= Beginning of Section =
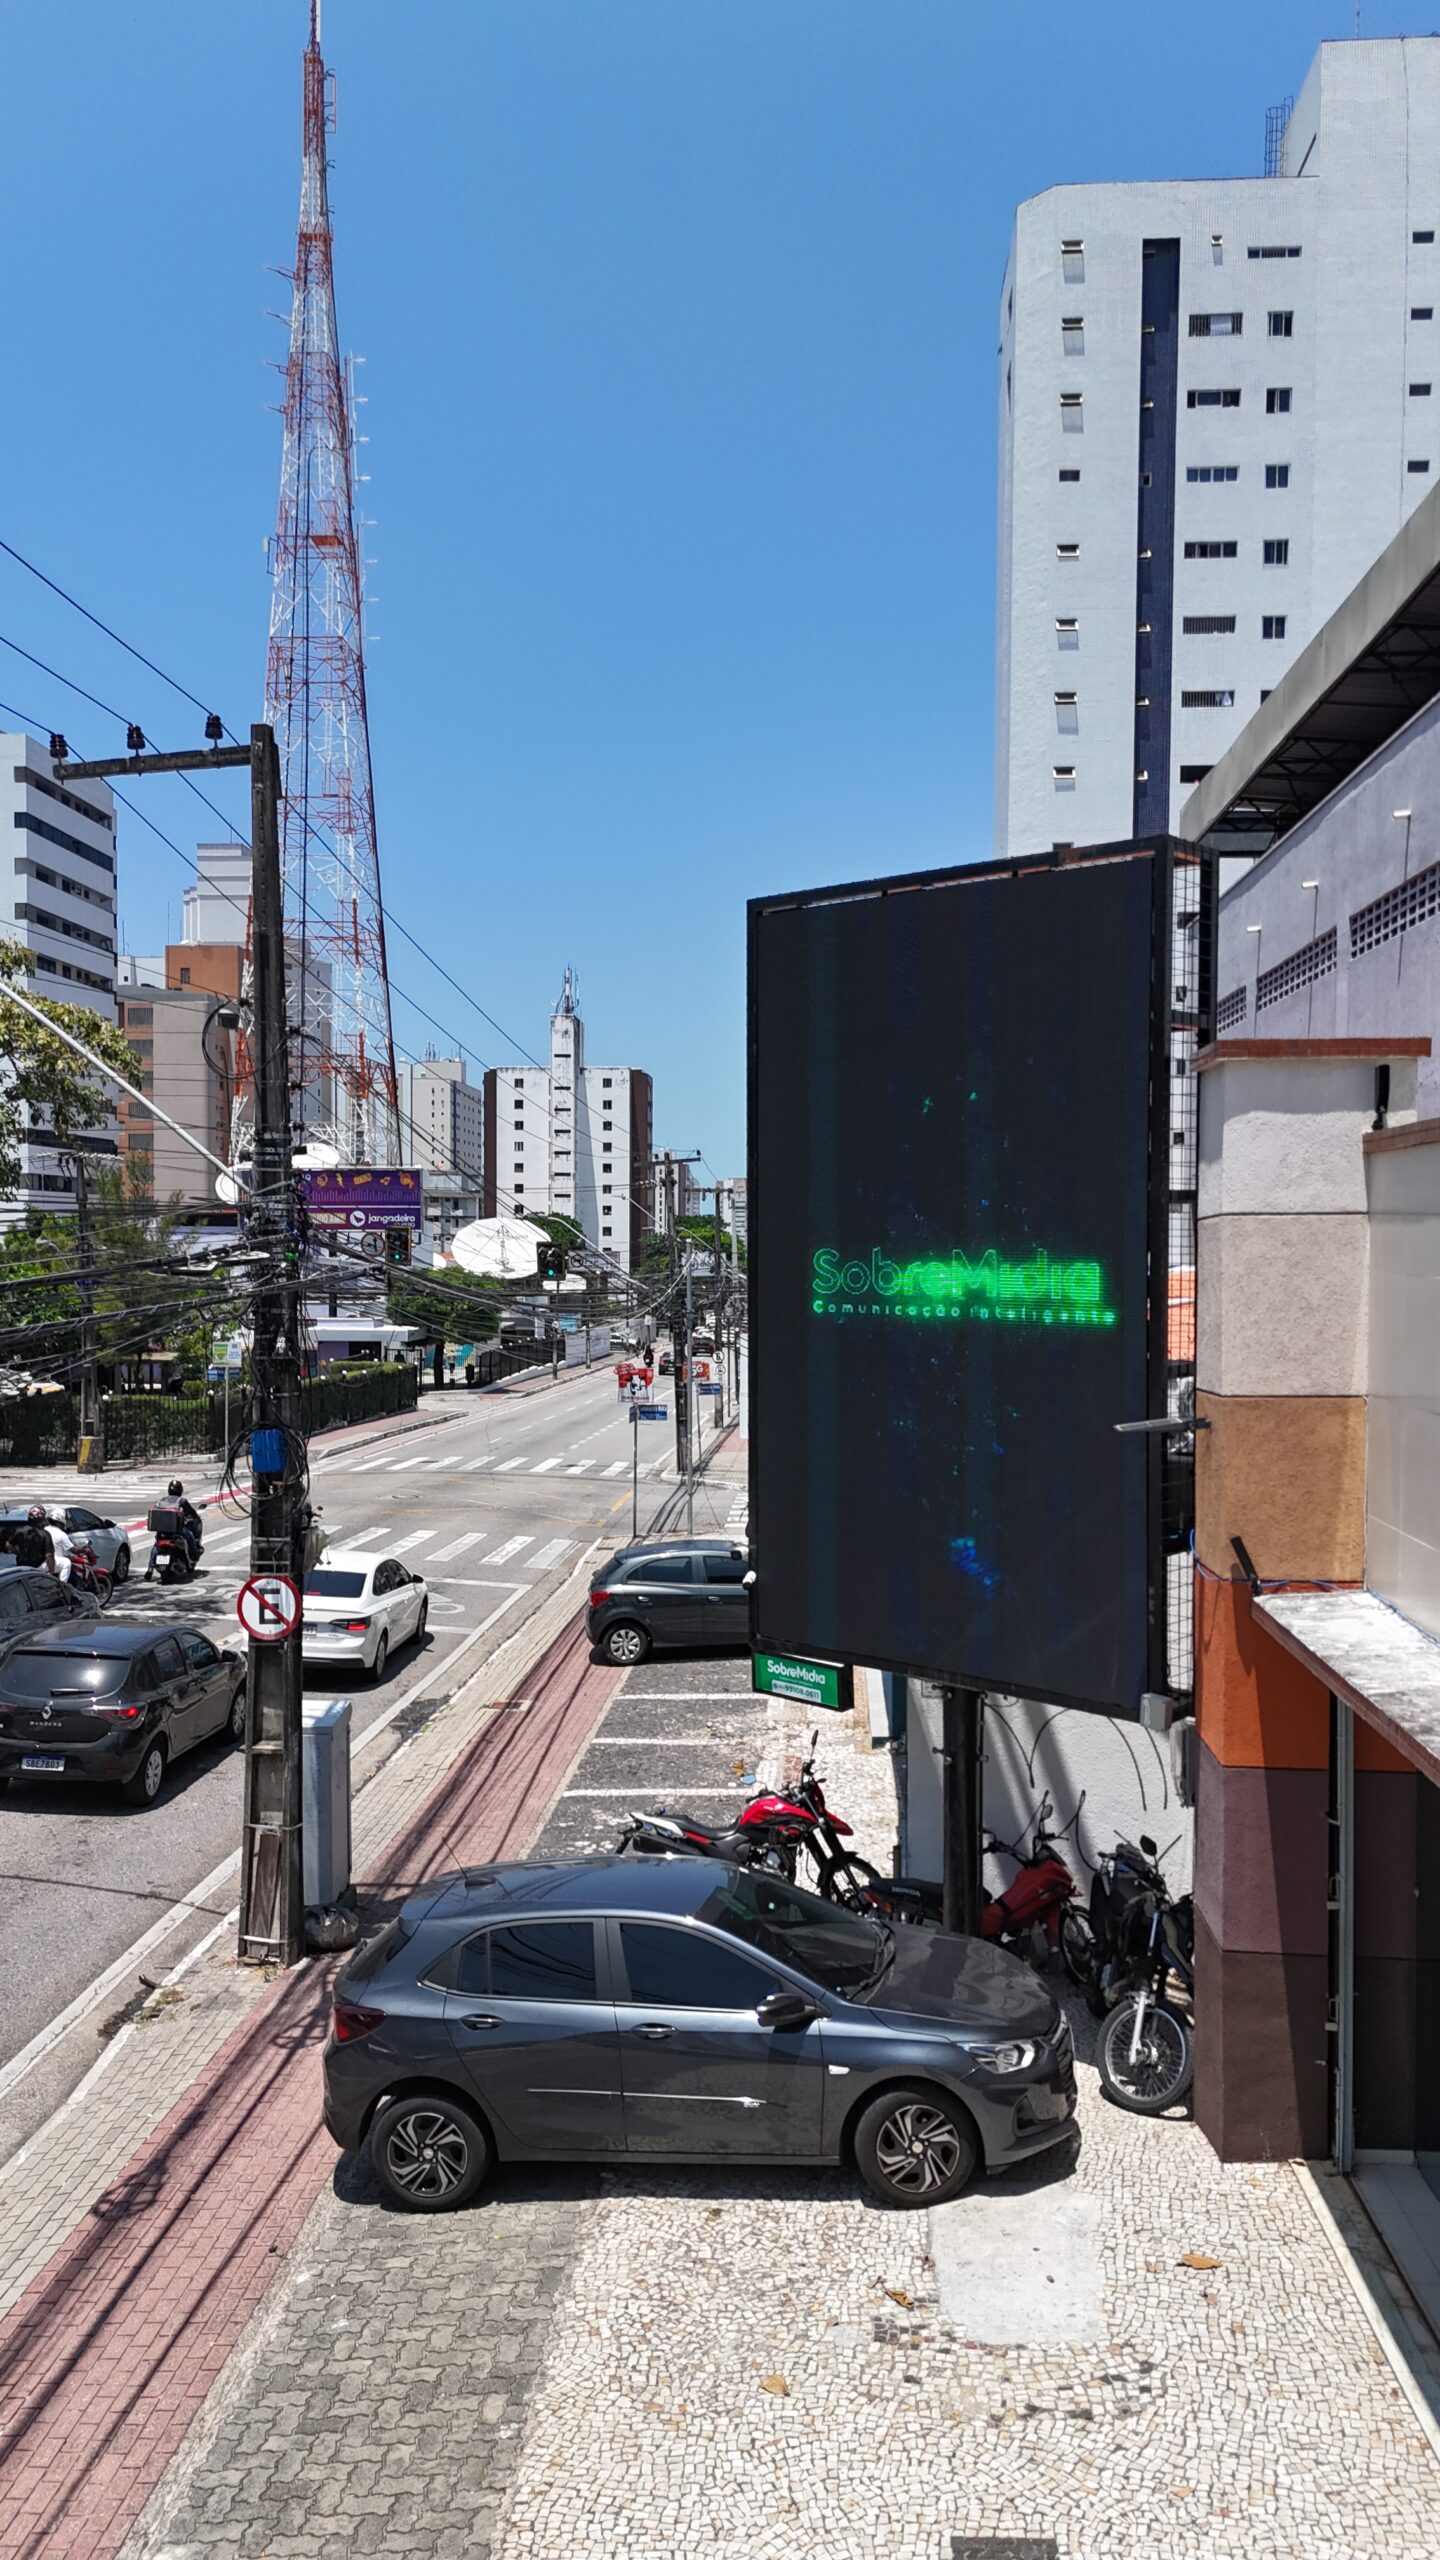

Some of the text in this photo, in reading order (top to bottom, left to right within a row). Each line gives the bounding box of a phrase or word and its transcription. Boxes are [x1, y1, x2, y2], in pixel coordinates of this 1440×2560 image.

[368, 1213, 416, 1224] jangadeiro
[812, 1247, 1100, 1301] SobreMidia
[812, 1299, 962, 1319] Comunicação
[259, 1588, 281, 1625] E
[767, 1660, 826, 1685] SobreMidia
[892, 1886, 921, 1897] HONDA
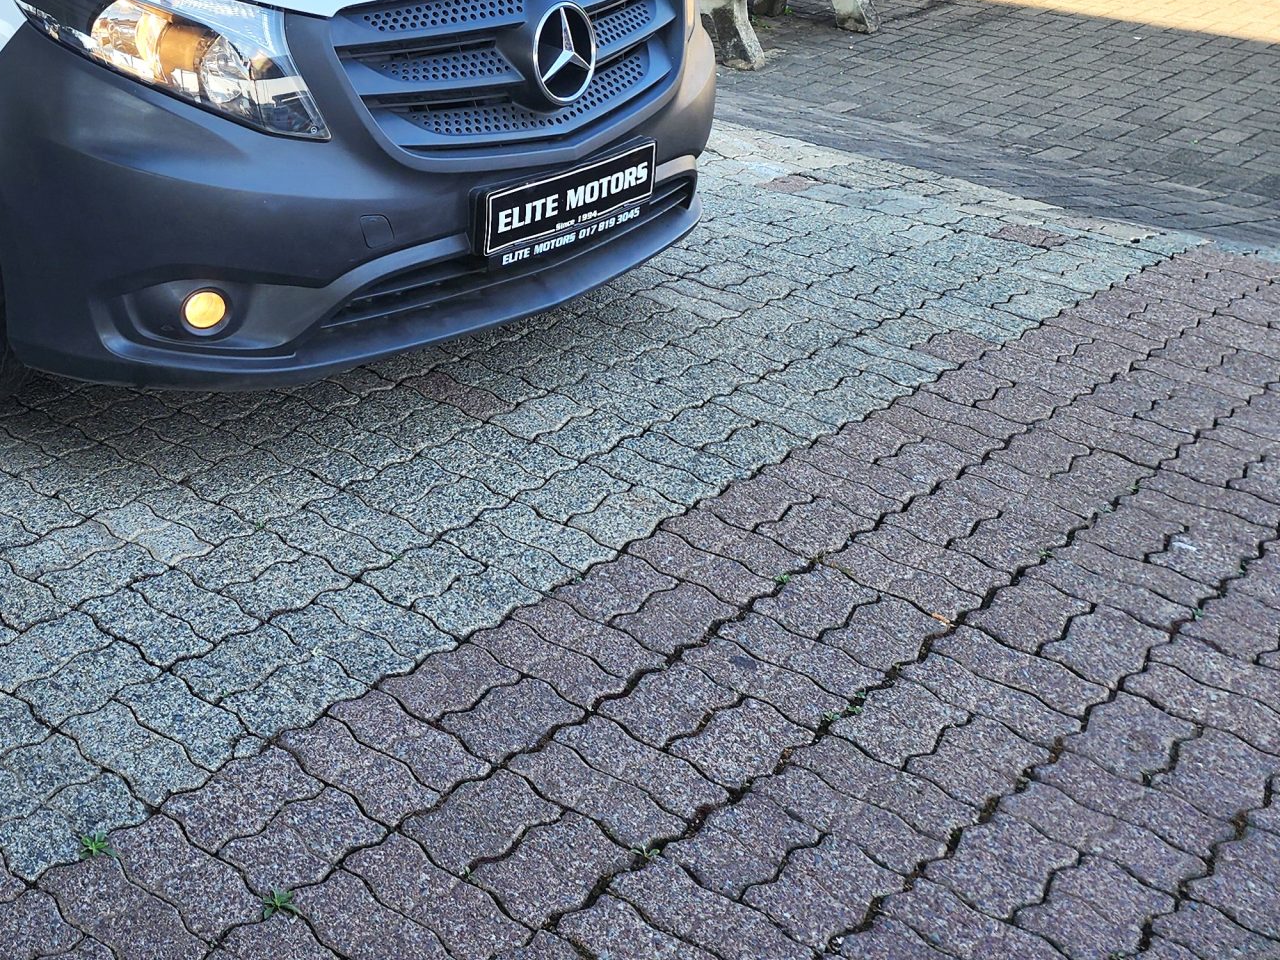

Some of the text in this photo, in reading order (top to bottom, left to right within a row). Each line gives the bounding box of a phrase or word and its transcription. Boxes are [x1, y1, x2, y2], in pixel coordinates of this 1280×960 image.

[497, 161, 649, 234] ELITE MOTORS
[555, 210, 598, 232] Since 1994
[501, 206, 641, 266] ELITE MOTORS 017 819 3045
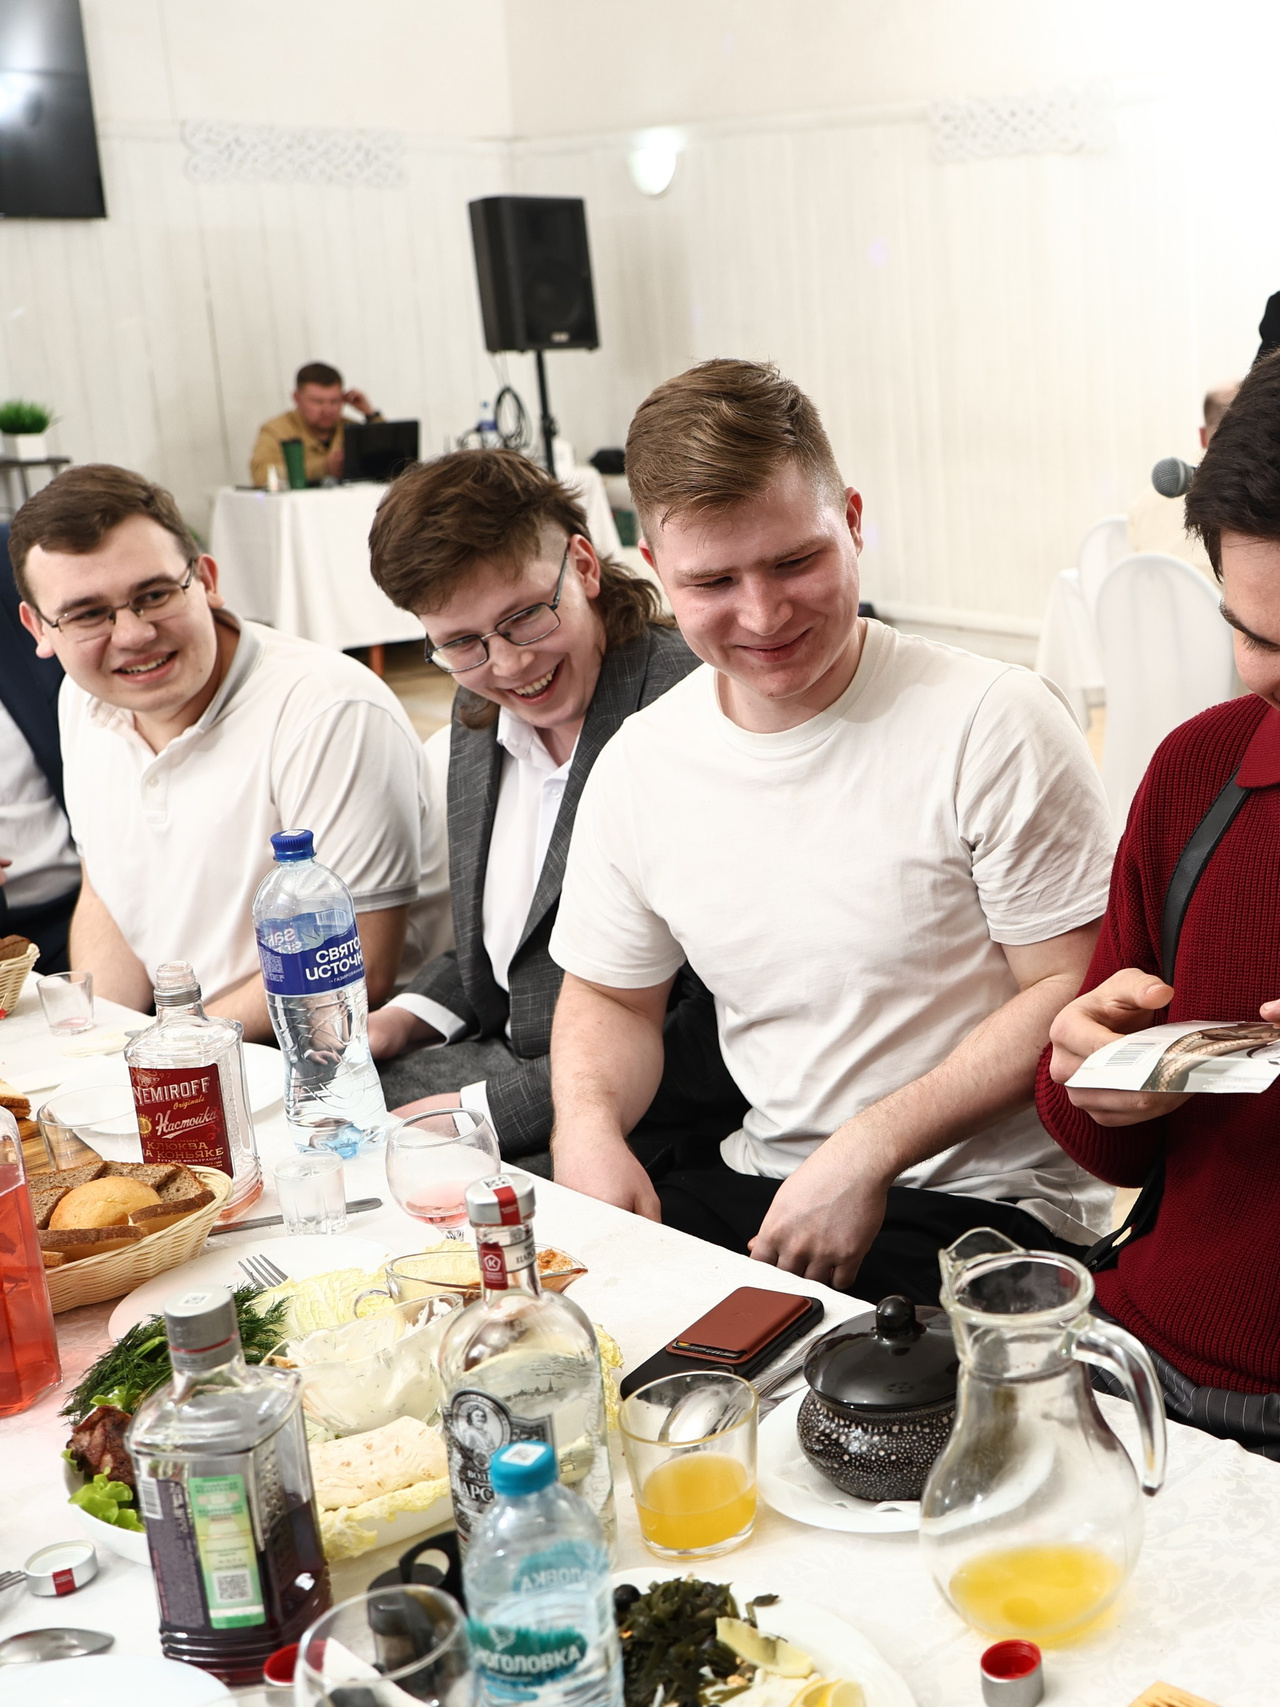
= End of Section =
**Assignment**
Print the material exactly as given, but not the pictures.

**Result for this exercise**
Some of the text in this photo, in reading order (top to bottom, left to right within a row). Each line gives the bounding box of a phrase or word and its transcription. Boxes are [x1, y1, x2, y2], in pixel coordinates of this 1440×2560 image.

[368, 1213, 416, 1224] jangadeiro
[812, 1247, 1100, 1301] SobreMidia
[812, 1299, 962, 1319] Comunicação
[259, 1588, 281, 1625] E
[767, 1660, 826, 1685] SobreMidia
[892, 1886, 921, 1897] HONDA

Some of the text in this photo, in reading order (top to bottom, left to right within a row). Each line gives the bounding box of a phrase or word and its transcription. Boxes are [x1, y1, x2, y2], in pixel coordinates of this 1280×960 image.

[497, 161, 649, 234] ELITE MOTORS
[555, 210, 598, 232] Since 1994
[501, 206, 641, 266] ELITE MOTORS 017 819 3045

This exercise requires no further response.